-- Problem requirements --
The lines to reproduce from the material below are those from the one containing "this 1200×1600 image." through the one containing "this 1600×1200 image.", both included; write them out exactly and add nothing.

(Beginning of Source data)

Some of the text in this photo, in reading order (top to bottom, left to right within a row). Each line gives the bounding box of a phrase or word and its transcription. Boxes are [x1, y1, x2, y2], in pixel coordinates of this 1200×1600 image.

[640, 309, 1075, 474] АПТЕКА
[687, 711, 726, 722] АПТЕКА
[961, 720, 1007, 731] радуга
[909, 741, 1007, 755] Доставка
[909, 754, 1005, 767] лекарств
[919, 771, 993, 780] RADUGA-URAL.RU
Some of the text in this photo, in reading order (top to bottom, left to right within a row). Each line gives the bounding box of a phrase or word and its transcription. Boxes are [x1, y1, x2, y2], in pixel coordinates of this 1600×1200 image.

(End of Source data)
(Beginning of Source data)

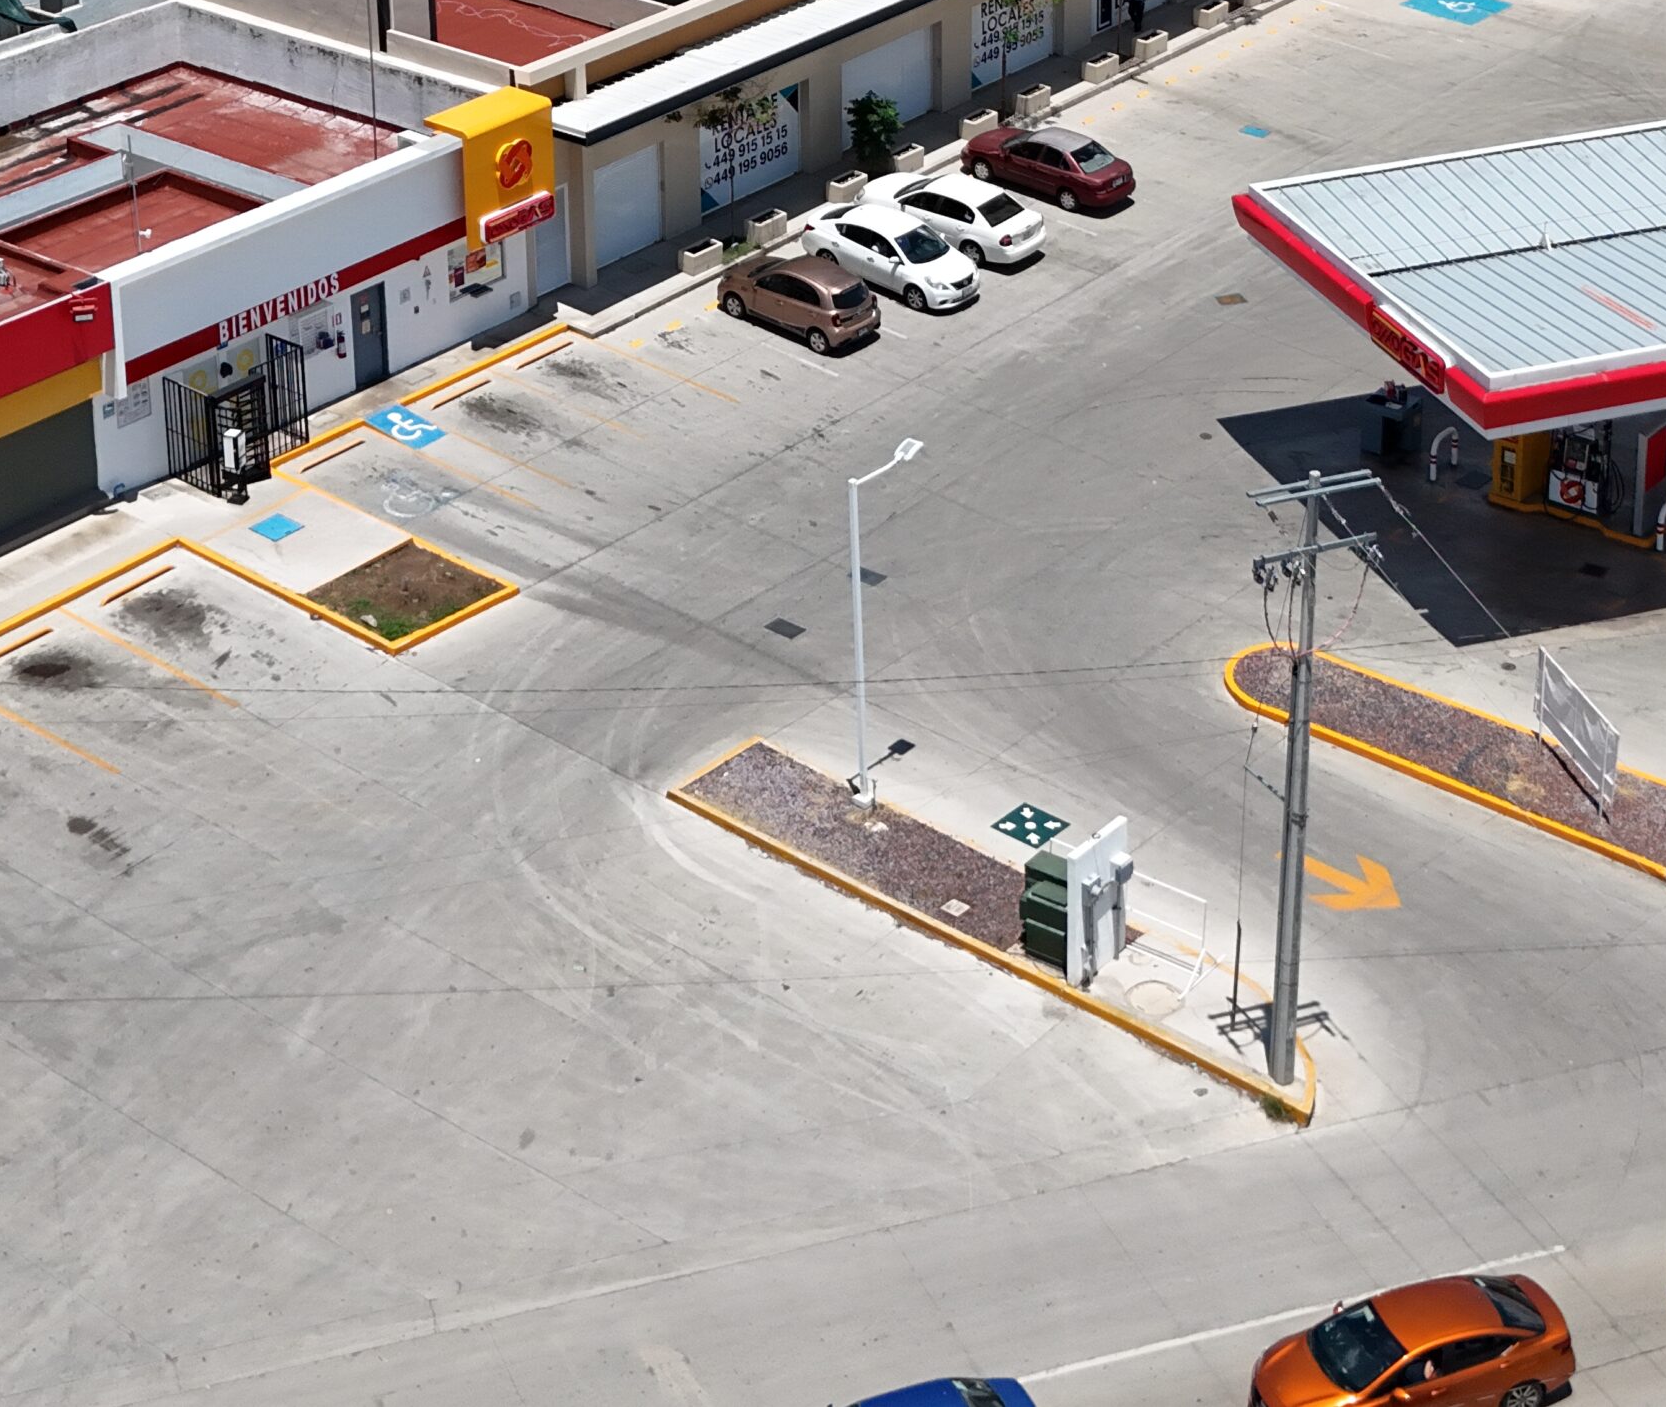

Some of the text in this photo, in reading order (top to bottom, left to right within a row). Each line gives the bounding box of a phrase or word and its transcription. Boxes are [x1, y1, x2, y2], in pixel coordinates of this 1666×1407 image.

(End of Source data)

-- Exercise answer --
Some of the text in this photo, in reading order (top to bottom, left to right within a row). Each line gives the bounding box of a phrase or word and its transcription. Boxes are [x1, y1, x2, y2], in pixel coordinates of this 1200×1600 image.

[640, 309, 1075, 474] АПТЕКА
[687, 711, 726, 722] АПТЕКА
[961, 720, 1007, 731] радуга
[909, 741, 1007, 755] Доставка
[909, 754, 1005, 767] лекарств
[919, 771, 993, 780] RADUGA-URAL.RU
Some of the text in this photo, in reading order (top to bottom, left to right within a row). Each line gives the bounding box of a phrase or word and its transcription. Boxes are [x1, y1, x2, y2], in pixel coordinates of this 1600×1200 image.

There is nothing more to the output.